-- Problem to work on --
Everything in the listing below must be set down again exactly, apart from the pictures.
═══ Entries shown ═══
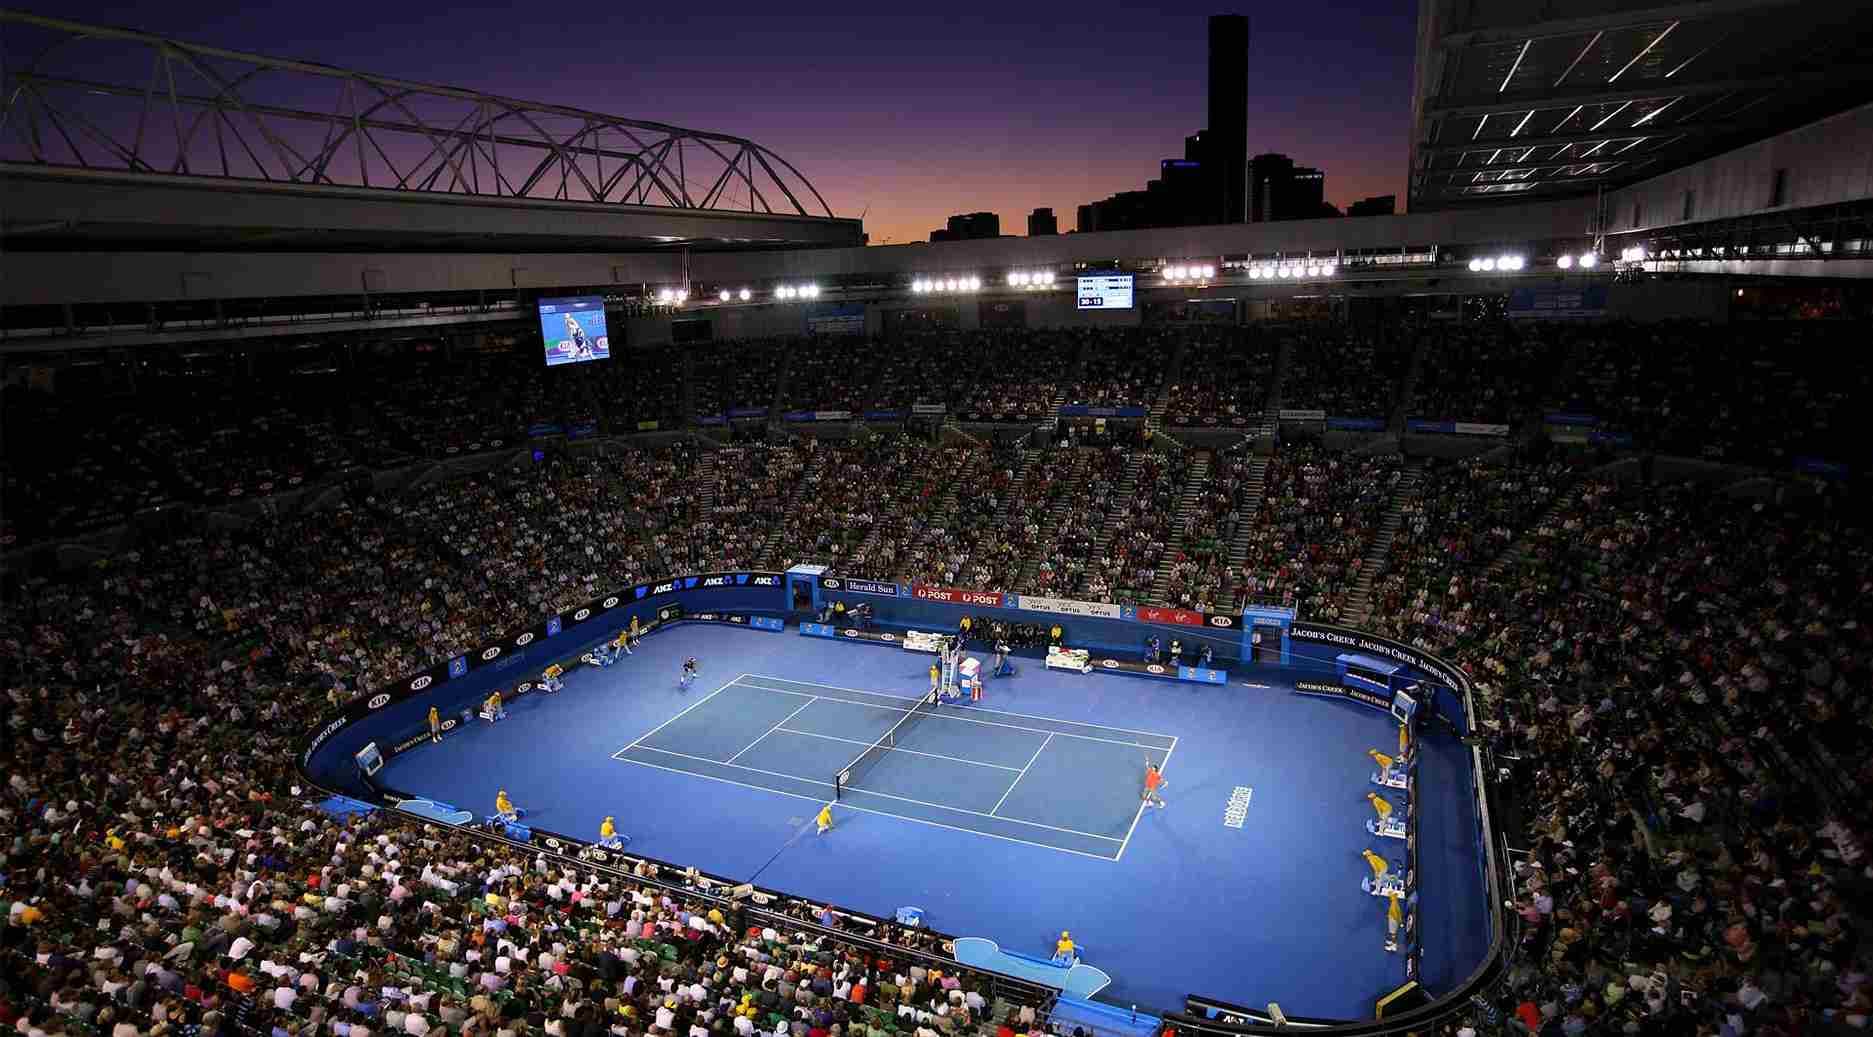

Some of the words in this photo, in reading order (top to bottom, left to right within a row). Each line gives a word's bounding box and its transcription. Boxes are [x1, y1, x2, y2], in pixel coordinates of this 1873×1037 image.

[849, 582, 876, 592] Herald
[879, 584, 894, 594] Sun
[927, 591, 952, 600] POST
[972, 595, 998, 604] POST
[1212, 617, 1231, 627] KIA
[518, 634, 533, 645] KIA
[1291, 627, 1325, 639] JACOB'S
[1326, 632, 1356, 645] CREEK
[483, 648, 500, 660] KIA
[1359, 640, 1391, 655] JACOB'S
[1391, 648, 1417, 664] CREEK
[412, 677, 431, 690] KIA
[370, 695, 390, 708] KIA
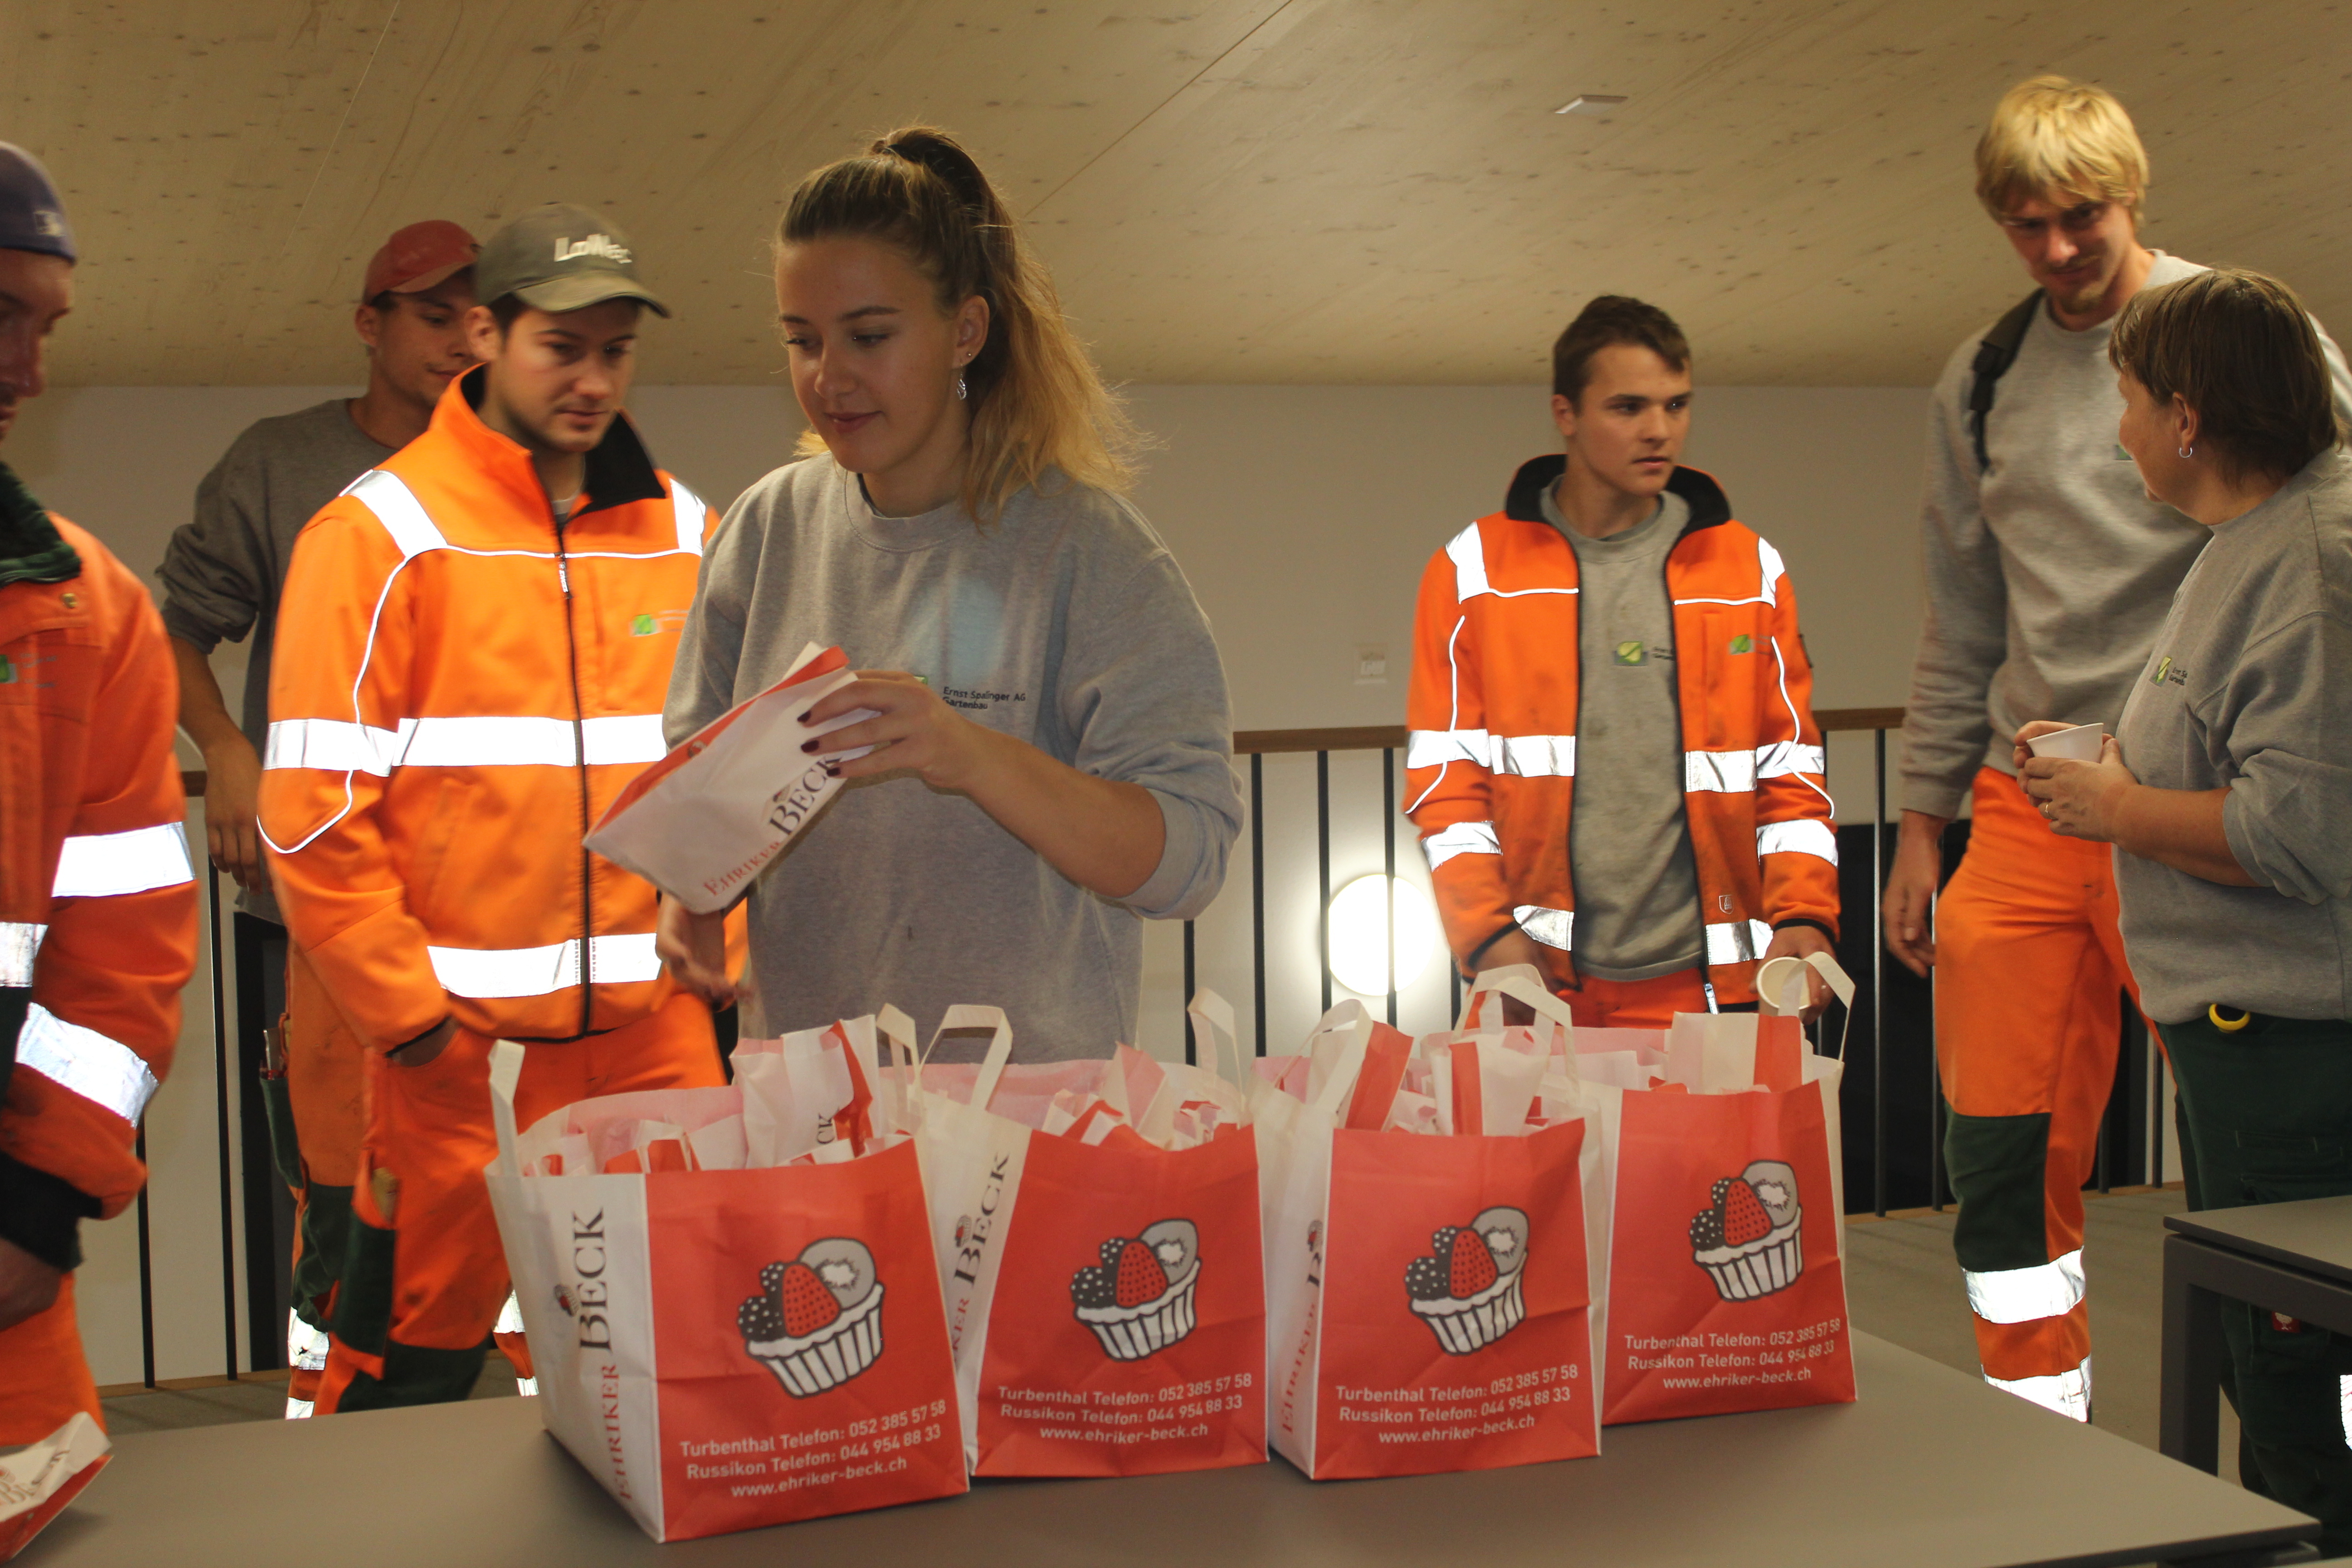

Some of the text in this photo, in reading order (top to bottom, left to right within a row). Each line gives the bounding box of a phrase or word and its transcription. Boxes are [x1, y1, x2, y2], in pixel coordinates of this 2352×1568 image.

[943, 686, 968, 698] Ernst
[1014, 693, 1026, 701] AG
[769, 757, 843, 835] BECK
[817, 1107, 839, 1144] CK
[954, 1152, 1009, 1288] BECK
[572, 1206, 613, 1354] BECK
[1624, 1318, 1840, 1349] Turbenthal Telefon: 052 385 57 58
[1628, 1340, 1834, 1369] Russikon Telefon: 044 954 88 33
[998, 1372, 1252, 1406] Turbenthal Telefon: 052 385 57 58
[1336, 1364, 1578, 1402] Turbenthal Telefon: 052 385 57 58
[1663, 1367, 1811, 1388] www.ehriker-beck.ch
[1001, 1394, 1243, 1426] Russikon Telefon: 044 954 88 33
[1340, 1387, 1570, 1423] Russikon Telefon: 044 954 88 33
[681, 1399, 946, 1457] Turbenthal Telefon: 052 385 57 58
[1039, 1423, 1208, 1445] www.ehriker-beck.ch
[1379, 1414, 1535, 1442] www.ehriker-beck.ch
[687, 1423, 941, 1479] Russikon Telefon: 044 954 88 33
[730, 1457, 907, 1497] www.ehriker-beck.ch
═══
-- Result of this task --
Some of the words in this photo, in reading order (top to bottom, left to right within a row). Each line gives a word's bounding box and its transcription. Boxes are [x1, y1, x2, y2], in pixel coordinates of this 1873×1037 image.

[849, 582, 876, 592] Herald
[879, 584, 894, 594] Sun
[927, 591, 952, 600] POST
[972, 595, 998, 604] POST
[1212, 617, 1231, 627] KIA
[518, 634, 533, 645] KIA
[1291, 627, 1325, 639] JACOB'S
[1326, 632, 1356, 645] CREEK
[483, 648, 500, 660] KIA
[1359, 640, 1391, 655] JACOB'S
[1391, 648, 1417, 664] CREEK
[412, 677, 431, 690] KIA
[370, 695, 390, 708] KIA

Some of the text in this photo, in reading order (top to bottom, left to right within a row). Each line gives the bounding box of a phrase or word and its transcription. Boxes are [x1, y1, x2, y2], in pixel coordinates of this 2352×1568 image.

[943, 686, 968, 698] Ernst
[1014, 693, 1026, 701] AG
[769, 757, 843, 835] BECK
[817, 1107, 839, 1144] CK
[954, 1152, 1009, 1288] BECK
[572, 1206, 613, 1354] BECK
[1624, 1318, 1840, 1349] Turbenthal Telefon: 052 385 57 58
[1628, 1340, 1834, 1369] Russikon Telefon: 044 954 88 33
[998, 1372, 1252, 1406] Turbenthal Telefon: 052 385 57 58
[1336, 1364, 1578, 1402] Turbenthal Telefon: 052 385 57 58
[1663, 1367, 1811, 1388] www.ehriker-beck.ch
[1001, 1394, 1243, 1426] Russikon Telefon: 044 954 88 33
[1340, 1387, 1570, 1423] Russikon Telefon: 044 954 88 33
[681, 1399, 946, 1457] Turbenthal Telefon: 052 385 57 58
[1039, 1423, 1208, 1445] www.ehriker-beck.ch
[1379, 1414, 1535, 1442] www.ehriker-beck.ch
[687, 1423, 941, 1479] Russikon Telefon: 044 954 88 33
[730, 1457, 907, 1497] www.ehriker-beck.ch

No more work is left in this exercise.